California Gov. Jerry Brown signed a bill into law in March that raises the state minimum wage to $15 an hour over the next six years. Other companies, cities and states have either passed similar legislation, raising minimum wages to $15, or proposed doing so within the coming years.
When minimum wage was signed into law in 1938 with the passing of the Fair Labor Standards Act, it was intended to ensure that all jobs provide enough money for a person to purchase basic necessities to sustain life. You are not intended to live a 5-star lifestyle working a minimum wage job.
Most minimum wage jobs require either little training, little to no education, or both; jobs that pay good wages require both for a reason. With the average wage in America hovering around $16.70, the average American likely would and definitely should be outraged if fry cooks suddenly made comparable wages to workers who went to college to be able to work in their professions.
Raising the national minimum wage to $15 will result in a significant increase in unemployment as many small businesses will not be able to comply with the law with their current number of employees, and most large businesses will not want to pay workers significantly more.
Many small businesses will either fold, causing everyone employed to lose their jobs, or begin firing employees that become non-necessities, which still results in unnecessary unemployment. There is no reason to believe that small employers will be able to pay the same number of people under the new minimum wage law or that large employers will suddenly believe that their cashier is worth $15 instead of $8.
Minimum wage has never been significantly increased in the past, so there is no precedent for what actions companies will take in response to the raising of the wage but you can guarantee they will not be pleased. Employees make a certain amount of money because that is the price their employer thinks their job is worth. Employers will rightfully be angry with the government if they are forced to substantially increase employee wages because the American government thinks it’s the right decision.
The whole notion that raising the minimum wage to $15 helps the poor is completely false. It was projected by the Congressional Budget Office that former President Barack Obama’s proposal to raise the federal minimum wage from $9 to $10 would result in the loss of 500,000 jobs.
The number of jobs that will be lost if the minimum wage is increased significantly is much higher than 500,000. Raising the minimum wage only helps those in low-paying jobs who have job security and are not in danger of being laid off.

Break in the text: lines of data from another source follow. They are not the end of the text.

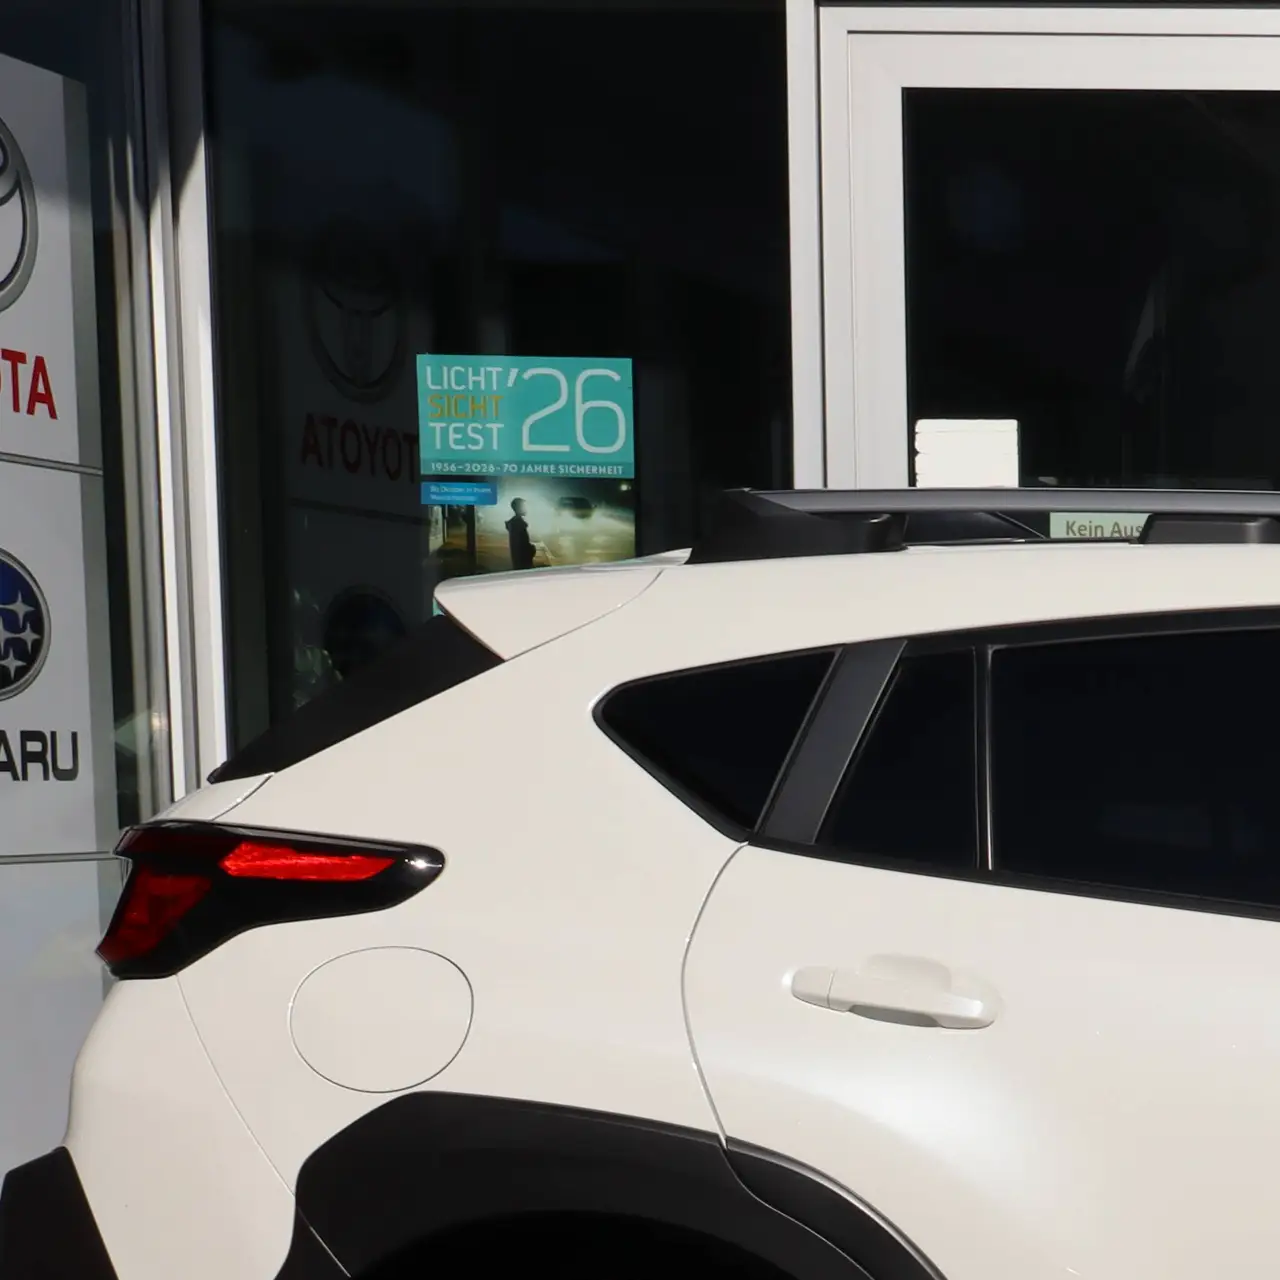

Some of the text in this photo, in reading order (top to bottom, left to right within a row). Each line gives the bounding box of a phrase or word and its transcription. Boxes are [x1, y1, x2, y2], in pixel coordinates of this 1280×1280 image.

[0, 348, 58, 420] TA
[425, 365, 503, 391] LICHT
[428, 395, 504, 419] SICHT
[429, 422, 504, 450] TEST
[520, 463, 556, 474] JAHRE
[558, 464, 624, 475] SICHERHEIT
[1065, 520, 1104, 537] Kein
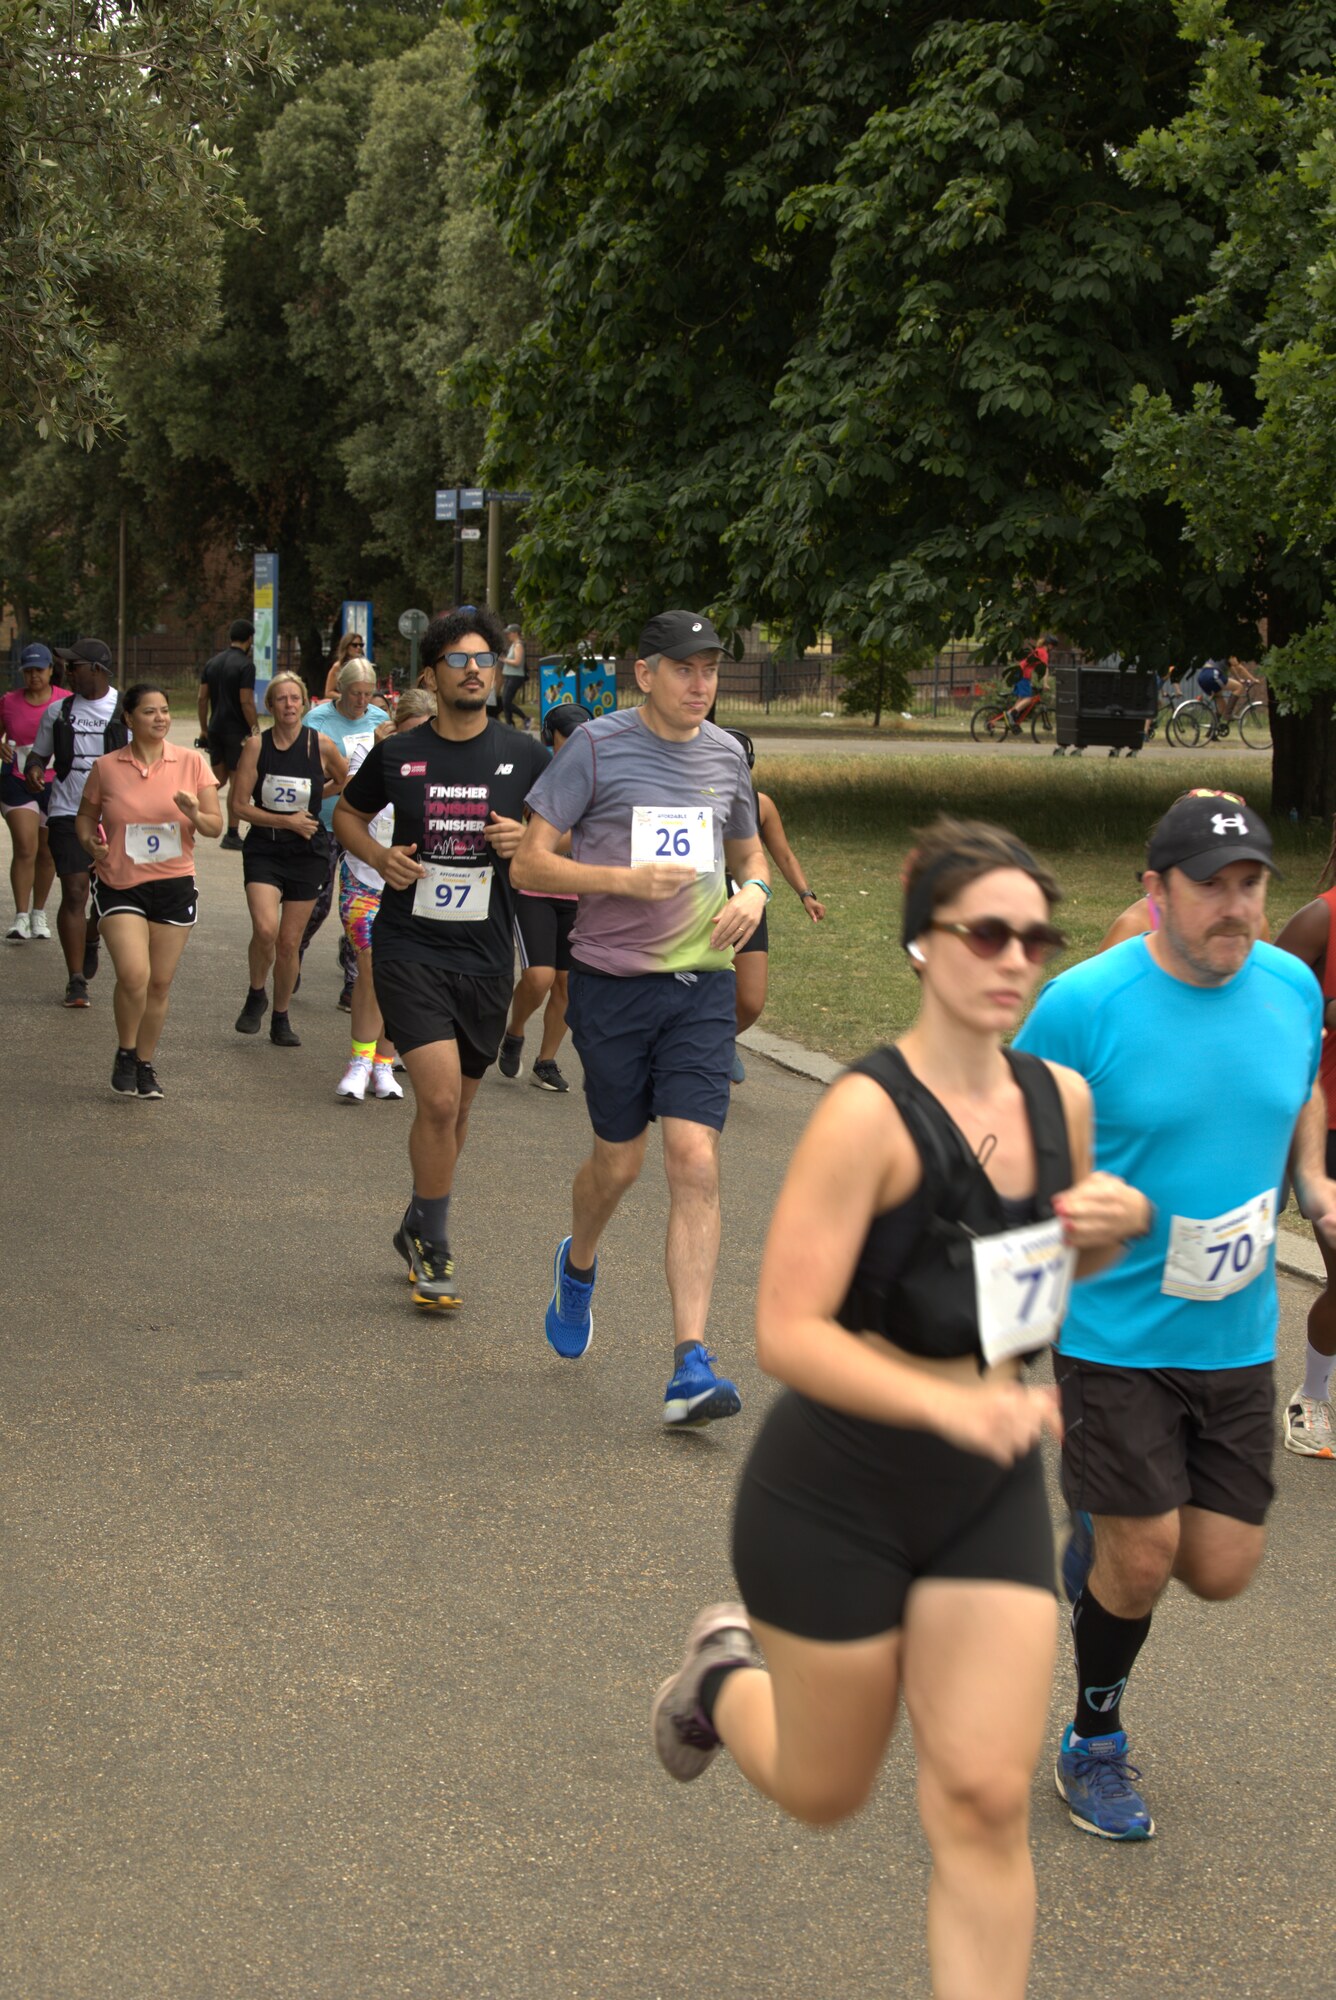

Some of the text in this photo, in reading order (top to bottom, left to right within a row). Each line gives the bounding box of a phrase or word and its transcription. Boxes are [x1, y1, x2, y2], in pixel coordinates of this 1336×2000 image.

[273, 787, 297, 803] 25
[429, 786, 488, 799] FINISHER
[428, 802, 488, 815] FINISHER
[428, 820, 486, 832] FINISHER
[146, 834, 160, 853] 9
[655, 828, 691, 857] 26
[435, 884, 472, 909] 97
[1205, 1233, 1253, 1281] 70

It would destroy any hopes of the unemployed to find a job and the hopes of those with low job security to keep their jobs. Once again, economic reform would be neglecting the poorest of the poor in exchange for helping those more fortunate. While the middle class could use the help, we should not alleviate their tensions at the cost of the working class.
Companies and businesses exist to make profit. While the products they produce and employment they provide benefit people, they do not solely exist to better the lives of others. There is no reason to believe that companies will begin to pay workers $15 for flipping hamburgers if they do not believe that the person deserves that money, resulting in further job loss.
The goal of raising the minimum wage to $15 is to help the working and middle class, but doing so would result in the exact opposite. Because more businesses would be unable to pay the same amount of workers higher wages, unemployment would, in fact, rise, which results in the working class having more trouble finding a job and losing whatever hope they have left.